Is this good news, or is it the foreshadowing of a $300 billion boondoggle that could end up hobbling the U.S. economy in addition to not really doing much for the U.S. semiconductor industry?

Mainstream corporate media has generally been telling us that this is AWESOME news.

But look at how few of the members of Congress voting in favor of the CHIPS Act have real business experience — and the fact that probably none of them have semiconductor industry experience. You have to:

  1. start wondering what we are are getting ourselves into; and
  2. get a little panicky over the rush to pass this Act without thrashing out issues to ensure that this expensive commitment can actually solve the semiconductor industry problems.
Photo by Zachary Nelson on Unsplash

Mainstream media outlets seem positively thrilled at the prospect of the CHIPS Act getting passed.

Can the CHIPS Act news really be this good?

Probably not.

Most of the coverage has been superficial, incomplete, and misleading, particularly from partisan cheerleaders CNN, MSNBC, NPR, New York Times, and Washington Post.

To be fair, a few media outlets — such as The Wall Street Journal, Bloomberg, and Vox — have actually been covering some of the underlying issues for the industry.

Along they way, they help explain why the CHIPS legislation is likely to only be (1) a windfall for an inferior business model and (2) a reward for poor leadership and substandard operational performance by Intel, the largest U.S. semiconductor company.

  • (Bloomberg) Chips Act Skips US Leaders for Asian Winners. “Long-awaited funding for the CHIPS Act is a win for a cabal of US chipmakers and foreign companies, but largely ignores the nation’s true semiconductor leaders who have been propping up the domestic sector for two decades….”
  • (Vox) The CHIPS Act won’t solve the chip shortage. “…while it’s certainly fair to call the legislation a victory for bipartisanship, this plan is primarily focused on keeping up with China’s growing investment in its own domestic chip industry — not solving the present issues with the tech supply chain. The chip factories produced by this package won’t be complete for years, and the bulk of the funding won’t necessarily go toward basic chips, also known as legacy chips, which account for much of the ongoing shortage.

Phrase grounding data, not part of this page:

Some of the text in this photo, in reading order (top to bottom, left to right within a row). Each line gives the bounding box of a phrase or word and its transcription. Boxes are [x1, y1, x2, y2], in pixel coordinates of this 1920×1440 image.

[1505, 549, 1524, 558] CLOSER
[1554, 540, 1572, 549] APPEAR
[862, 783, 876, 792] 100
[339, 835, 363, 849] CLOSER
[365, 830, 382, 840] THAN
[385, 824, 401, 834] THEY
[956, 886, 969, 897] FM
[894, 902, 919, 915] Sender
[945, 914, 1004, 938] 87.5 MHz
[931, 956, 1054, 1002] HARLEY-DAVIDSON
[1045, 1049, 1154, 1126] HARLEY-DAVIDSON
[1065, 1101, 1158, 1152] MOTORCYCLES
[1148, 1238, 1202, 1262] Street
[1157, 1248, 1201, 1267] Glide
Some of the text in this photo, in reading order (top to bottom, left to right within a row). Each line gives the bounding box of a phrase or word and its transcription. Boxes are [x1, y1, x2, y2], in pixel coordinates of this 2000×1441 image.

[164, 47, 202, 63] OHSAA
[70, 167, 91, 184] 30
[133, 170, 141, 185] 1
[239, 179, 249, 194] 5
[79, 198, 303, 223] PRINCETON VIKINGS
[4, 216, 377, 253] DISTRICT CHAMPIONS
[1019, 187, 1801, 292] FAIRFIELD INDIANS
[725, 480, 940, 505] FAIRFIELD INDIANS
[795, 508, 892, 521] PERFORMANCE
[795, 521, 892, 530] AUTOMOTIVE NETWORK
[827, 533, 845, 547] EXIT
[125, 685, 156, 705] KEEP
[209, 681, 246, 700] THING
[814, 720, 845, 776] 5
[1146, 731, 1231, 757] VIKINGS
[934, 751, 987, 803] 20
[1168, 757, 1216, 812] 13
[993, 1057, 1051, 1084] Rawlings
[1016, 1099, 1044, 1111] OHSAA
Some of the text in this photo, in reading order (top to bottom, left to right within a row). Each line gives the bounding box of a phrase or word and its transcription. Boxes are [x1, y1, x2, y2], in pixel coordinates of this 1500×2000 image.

And that shortage may be nearing its end anyway….”

A few people in Congress and the Senate — very few, to be sure — are calling out real issues and problems with this apparently soon-to-be-signed Act:

  • “…Sen. Bernie Sanders (I-VT) has called the legislation a “bribe” and has argued that chip companies are, in effect, extorting American taxpayers. Sen. Ron Johnson (R-WI) said the CHIPS+ Act amounts to “corporate welfare” and suggested imposing tariffs on imported tech instead….” (Vox, July 27, 2022)

What’s really going on?

After seeing a frantic amount of cheerleading commentary on the CHIPS Act over the past several days, I’d like to clarify and summarize what is going on here.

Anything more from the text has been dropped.